I turned to Wendi. “And I get to give the toast,” I said. “Because I’m class president, I’ve got a lot of public- speaking experience now and—”
“Fascinating,” Wendi said, cutting me off before turning back to Laurel. “So, Laurel, as I was saying, how does it feel to be a creative person in a non-creative world?”
That was so not okay for her to treat me like I was some annoying little kid. And what was also not okay was the fact that Laurel didn’t stick up for me and tell Wendi that. Instead she just sat there with what I had come to call her Superstar Smile (not fake, exactly, but very, very big and the kind that said, “There may be tons of people mobbing me at this moment, but as far as I’m concerned you’re the only person in this room and all my attention is on you and if I were a regular person instead of a ginormous star, then we’d totally hang out all the time”).
Before I could open my mouth to say, “Who says the rest of us aren’t creative?!” Laurel got hers open first. “Well, Wendi, as an artist, I try and use real life as the basis for my work—”
Oh, now she wasn’t even an actress, but an artist? Laurel hated when actors called themselves artists. She called it “pretentious,” which was a fancy word for stuck up.
“Now, in this case, for my new movie Life Is What Happens When You’re Making Other Plans, I’ll be playing a girl who’s blind—”
“And you are so believeable I almost can’t stand it!” Wendi cried.
“Oh, you’re so sweet, thank you,” Laurel said. “And if we were looking at that metaphorically, then it would be like the girl was cut off from her family—”
The rest of her family—meaning me, Mom, and Alan—looked at each other nervously.
“—which, obviously, in this situation, is not the case,” Laurel continued. “Because my family does understand me.

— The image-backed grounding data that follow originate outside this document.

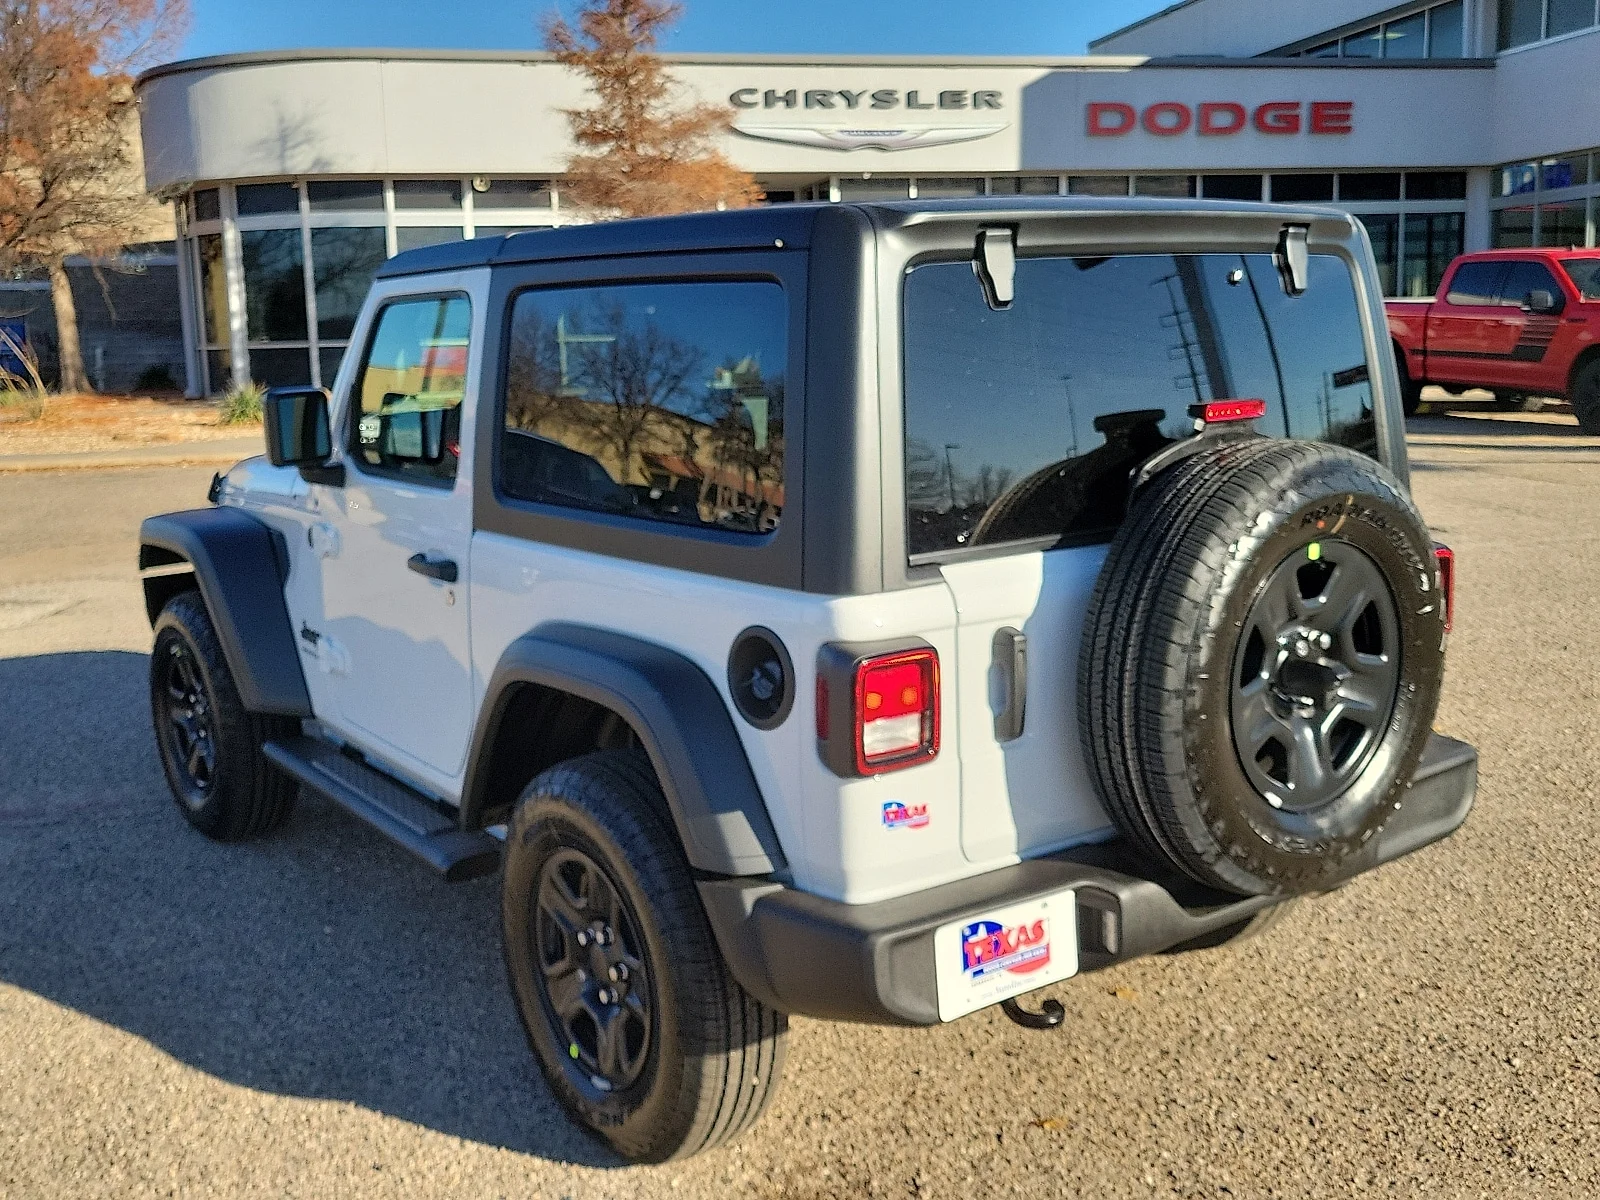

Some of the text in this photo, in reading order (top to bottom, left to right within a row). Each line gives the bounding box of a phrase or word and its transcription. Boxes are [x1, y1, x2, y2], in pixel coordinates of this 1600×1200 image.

[729, 88, 1003, 110] CHRYSLER
[1086, 101, 1353, 136] DODGE
[963, 919, 1046, 968] TEXAS
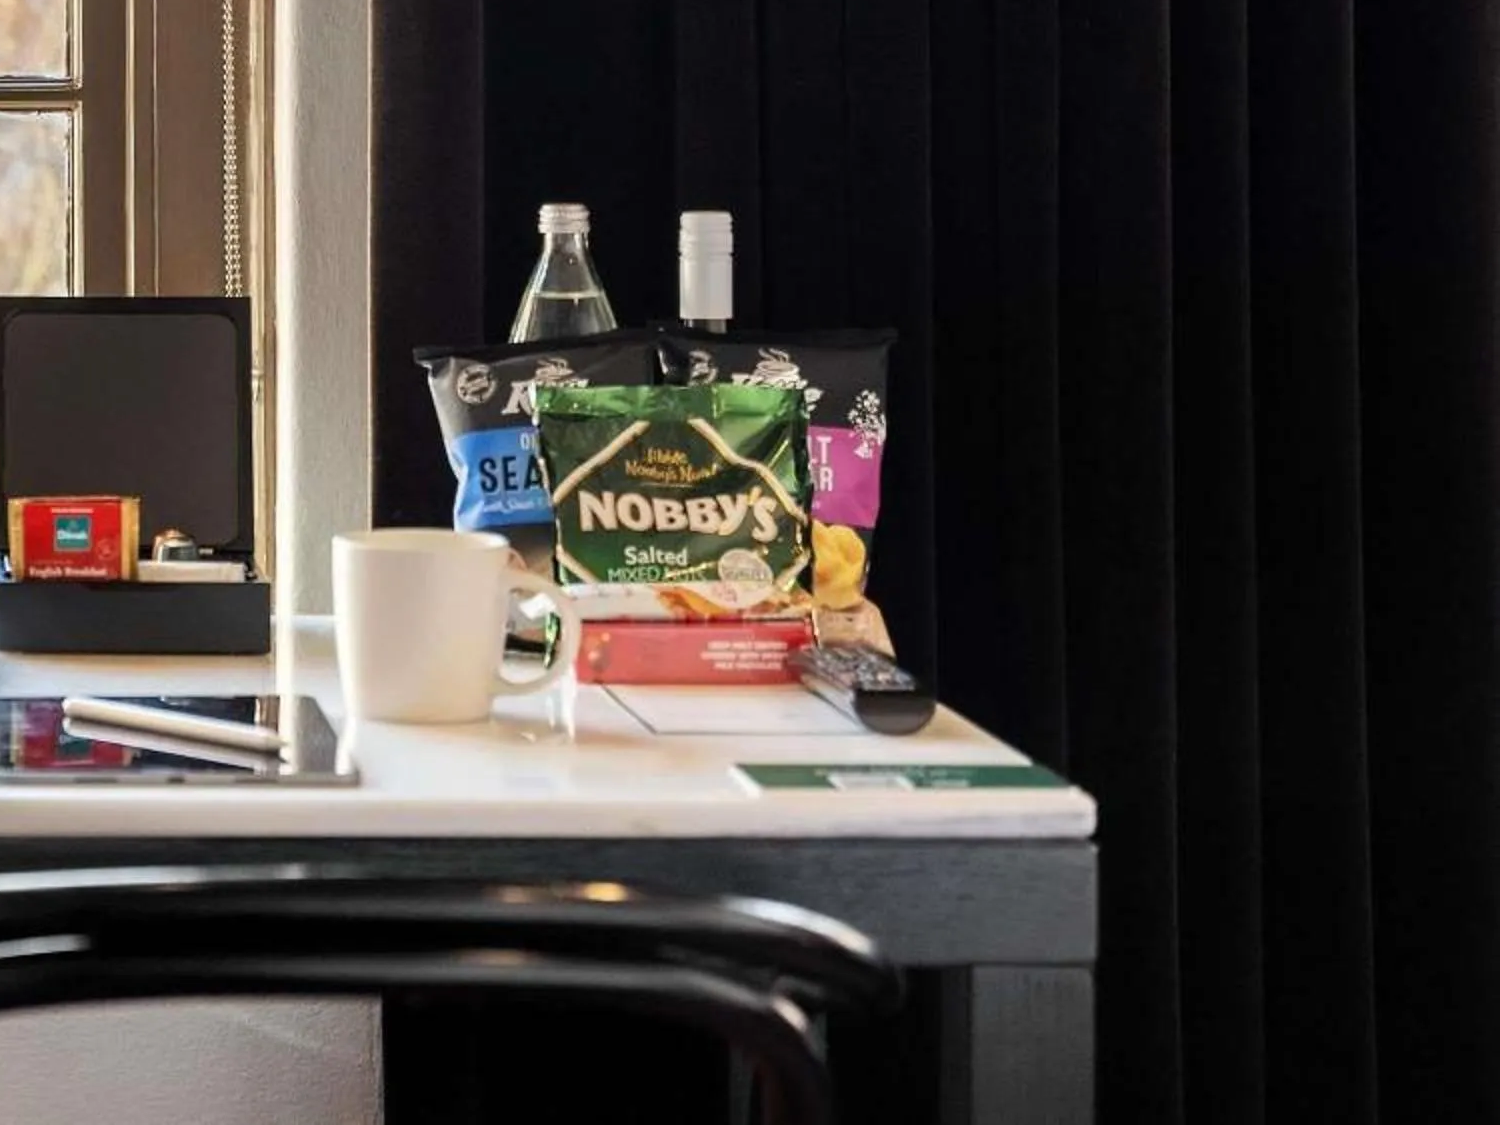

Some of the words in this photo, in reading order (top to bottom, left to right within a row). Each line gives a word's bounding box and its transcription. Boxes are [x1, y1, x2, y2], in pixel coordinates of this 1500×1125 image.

[479, 454, 544, 493] SEA
[624, 545, 688, 567] Salted
[607, 566, 660, 582] MIXED

But in the case of my character in my new movie Life Is What Happens When You’re Making Other Plans—”
I cringed. Why did I have the feeling that this whole thing was going to be one giant ad for Laurel’s new movie?
“—she doesn’t feel understood. And the blindness—the blindness just externalizes her internal conflict.”
“It sounds like such a meaty role,” Wendi chirped.
“Oh, it is,” Laurel agreed.
“Well, I am so looking forward hearing more about it,” Wendi chirped as she stood up and smoothed her skirt. “But right now, before I leave, I think we need a big group hug!”
As for me, what I needed was to disappear into my room and watch today’s episode of Dr. Maude’s show, Come On, People—Get with the Program.
“Come on, come on!” she squealed when no one got up. She looked over at Nikko. “Is the camera on? Turn it on and get this on tape,” she ordered.
After we didn’t move, she click-clacked over in her high heels and threw her arms around us, smooshing us together. For someone so little, she sure was strong. “Hug, gang! Hug!”
“Ufff,” I said as the hug got tighter and my nose ended up somewhere near Mom’s armpit. Luckily, she had remembered to put on deodorant that morning.
“This is what I’m talking about!” Wendi chirped, close to my right ear. “Nikko, are you getting this?”
“I’m getting this,” he replied in a bored voice.
“Make sure you get my right side. You know that’s my better side.”
“I’m getting your right side,” he said, just as bored.
“Okay, enough of the hugging,” she said as she let go and we all ricocheted back like slingshots. “Wasn’t that nice? Don’t you all just feel warm and fuzzy and sooo much closer?” Before we could respond, she clapped her hands. “We’re going to have so much fun together over the next few weeks!”.
I didn’t have to look over at Mom to know that she kind of thought differently.